»»

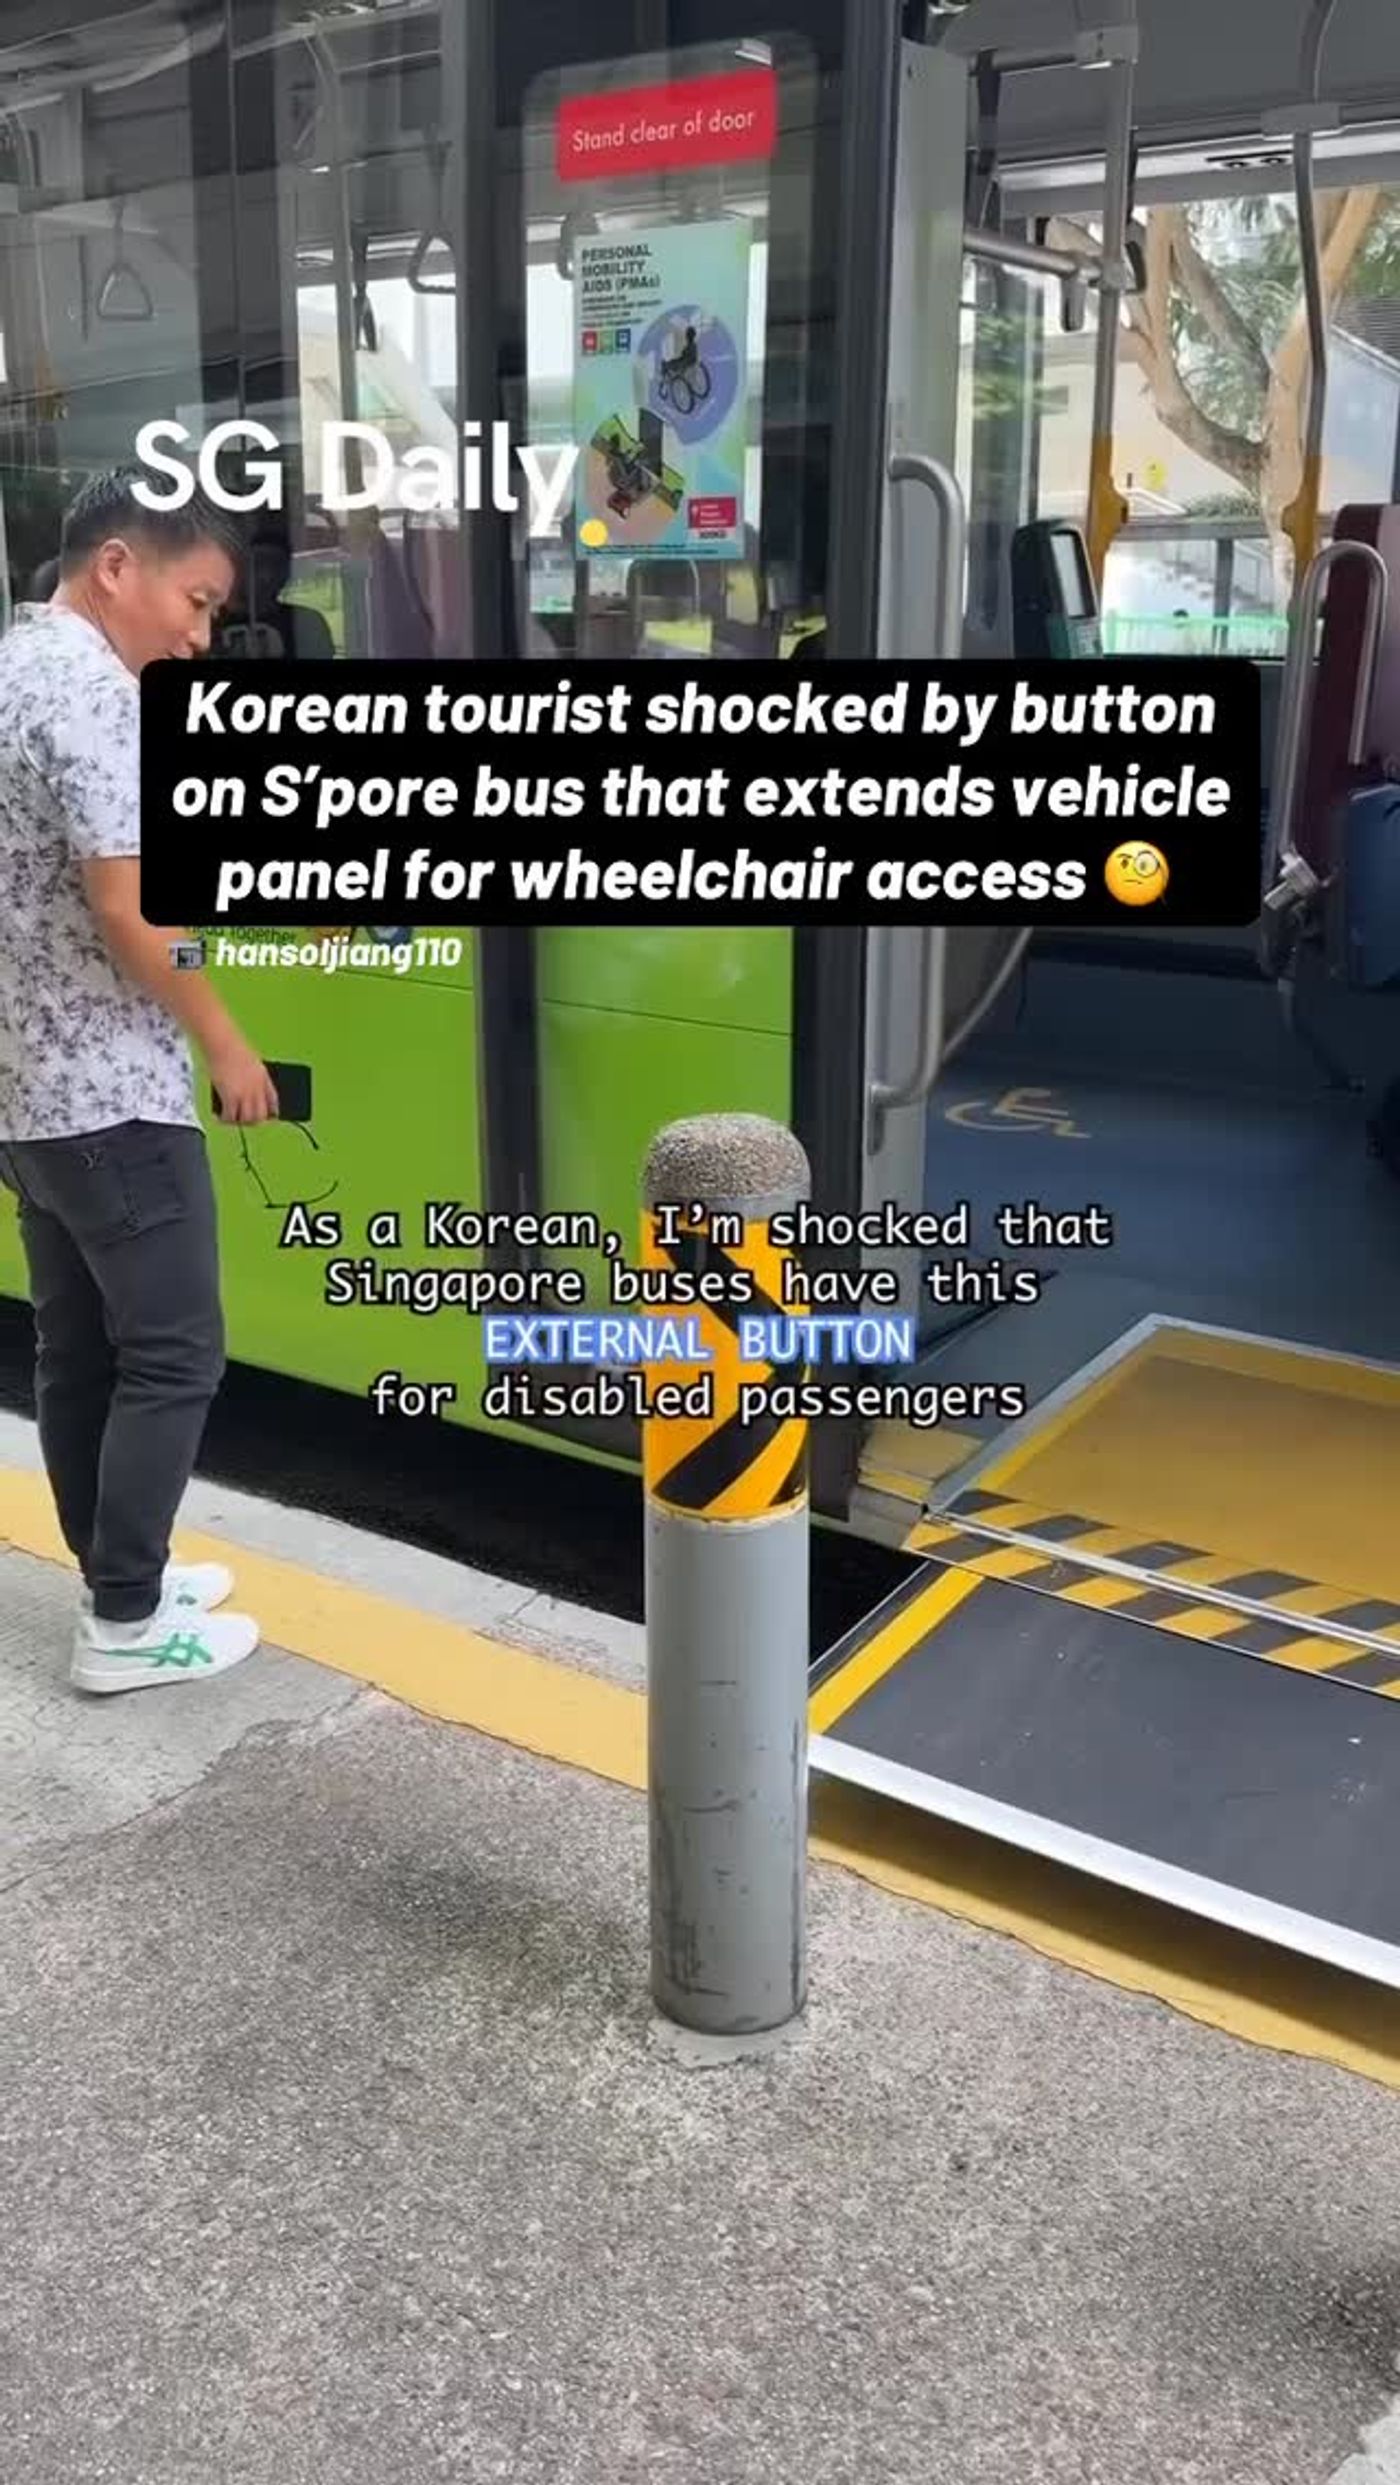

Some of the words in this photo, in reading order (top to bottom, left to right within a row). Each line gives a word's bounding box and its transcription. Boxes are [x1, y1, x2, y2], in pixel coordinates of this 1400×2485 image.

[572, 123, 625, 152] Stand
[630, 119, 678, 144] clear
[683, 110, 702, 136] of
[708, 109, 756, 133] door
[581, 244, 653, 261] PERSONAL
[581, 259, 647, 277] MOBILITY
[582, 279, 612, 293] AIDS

««

What to produce:
An exact copy of the records is required. Pictures do not belong in it.

Output for this task:
Some of the words in this photo, in reading order (top to bottom, left to right within a row). Each line gives a word's bounding box and its transcription. Boxes are [x1, y1, x2, y2], in pixel coordinates of this 1400×2485 image.

[572, 123, 625, 152] Stand
[630, 119, 678, 144] clear
[683, 110, 702, 136] of
[708, 109, 756, 133] door
[581, 244, 653, 261] PERSONAL
[581, 259, 647, 277] MOBILITY
[582, 279, 612, 293] AIDS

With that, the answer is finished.